The man, Lord Albion Nassar, smiled as the rest of them filed out, leaving only himself, Capitolina, and Angel.
Giovanni walked with purpose in his step, hoping to return quickly to the Vatican to give them the news, as well as hopefully avoid…
“Giovanni.” Kebechet’s voice put a stop to his step and to his hopes as he turned politely to face her.
“Yes, Kebechet?” Giovanni kept his voice flat and affable, but his flattened ears betrayed him.
“This frequent arguing is wearing on us both.” Her voice reflected her own restrained distaste.
“I quite agree.” Giovanni nodded. Half of the Wolf Pack being constantly at odds served only to slow what needed to be a quick process.
“Then why are you so vehemently in denial about the existence of the gods? Even when evidence is literally standing in front of you?”
“I am not in denial.” Giovanni shook his head. “I acknowledge beings such as your Father exist, I merely deny that they are gods.”
“Fine, call them ‘Great Spirits’ if you must.” Kebechet rolled her eyes.
“I indeed must.” Giovanni said. “There is only one God.”
“Are you willing to cooperate with the cults of these ‘Great Spirits’ then?” She asked.
Giovanni frowned. “I protect the interests of the Faith and its followers before all else, so long as they do not conflict with others, I shall not be in your way.”

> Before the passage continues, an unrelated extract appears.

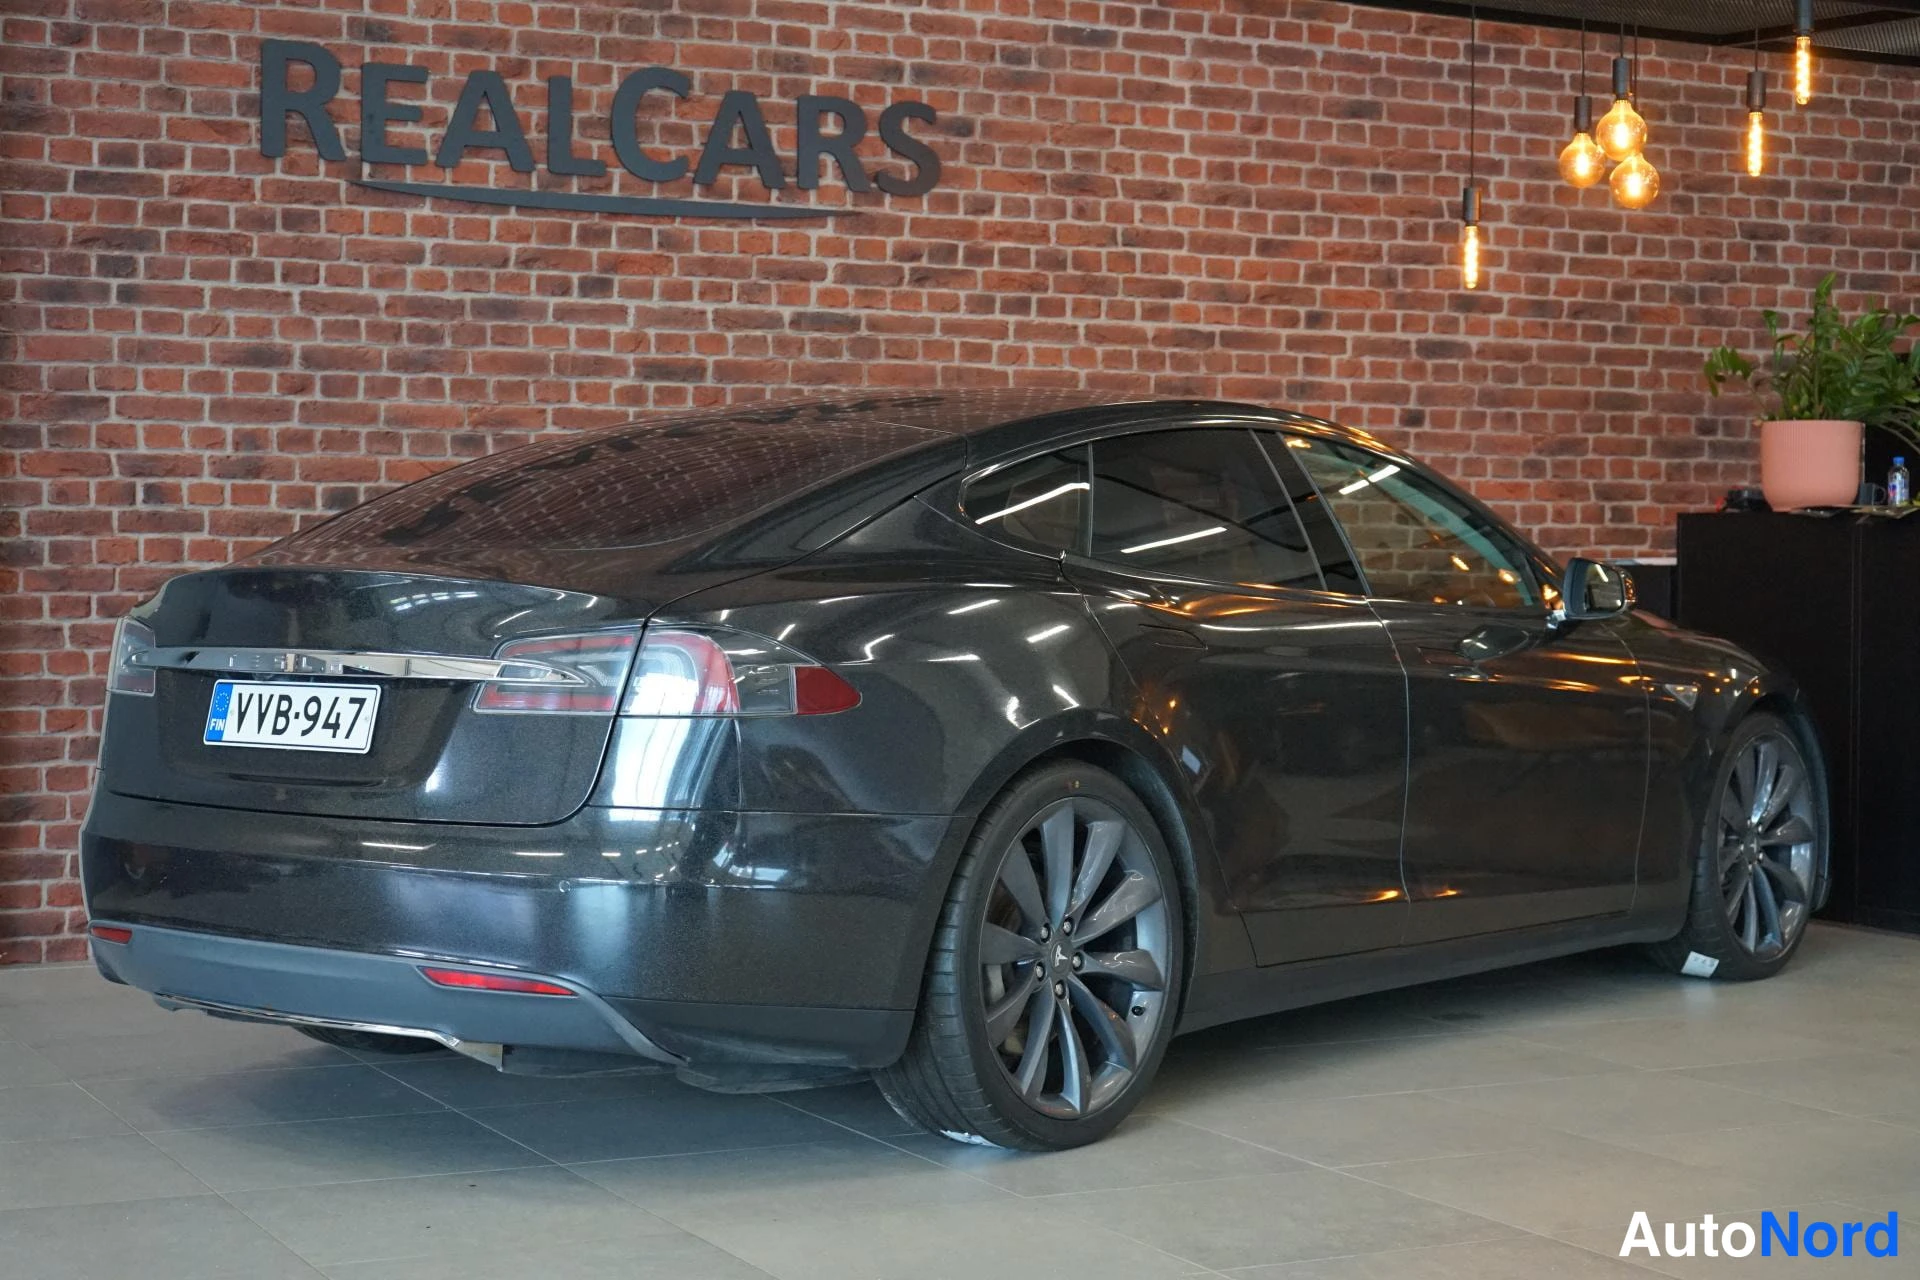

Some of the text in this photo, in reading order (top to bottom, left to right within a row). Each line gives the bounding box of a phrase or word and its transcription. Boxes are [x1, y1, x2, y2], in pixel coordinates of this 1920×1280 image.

“I would rather we cooperate than simply avoid one another.” Kebechet frowned as well, tail hanging limp from her waist.
“Time will tell. For now, the Vatican needs me. There will no doubt be a great deal of work to do.” Giovanni bowed cordially as he made to set off. Kebechet, giving up, simply waved him out as Giovanni once more made his way outside.
He knew that denial of these beings who called themselves gods, once worshipped in the Greek, Egyptian, and Norse pantheons, was growing increasingly impossible. Evidence of their existence grew with each passing day. But it was as Hanne had said; the Vatican Hill had been the center of their faith for well over a thousand years, and that legacy would not be ignored in light of recent events. Life was too precious and resources too scarce now for his disagreements to become a feud. The people of Rome could not afford a schism, but it was his duty to see to the protection of the Faith and its people.
Giovanni sighed to himself. The work of a wolf of Rome was never easy.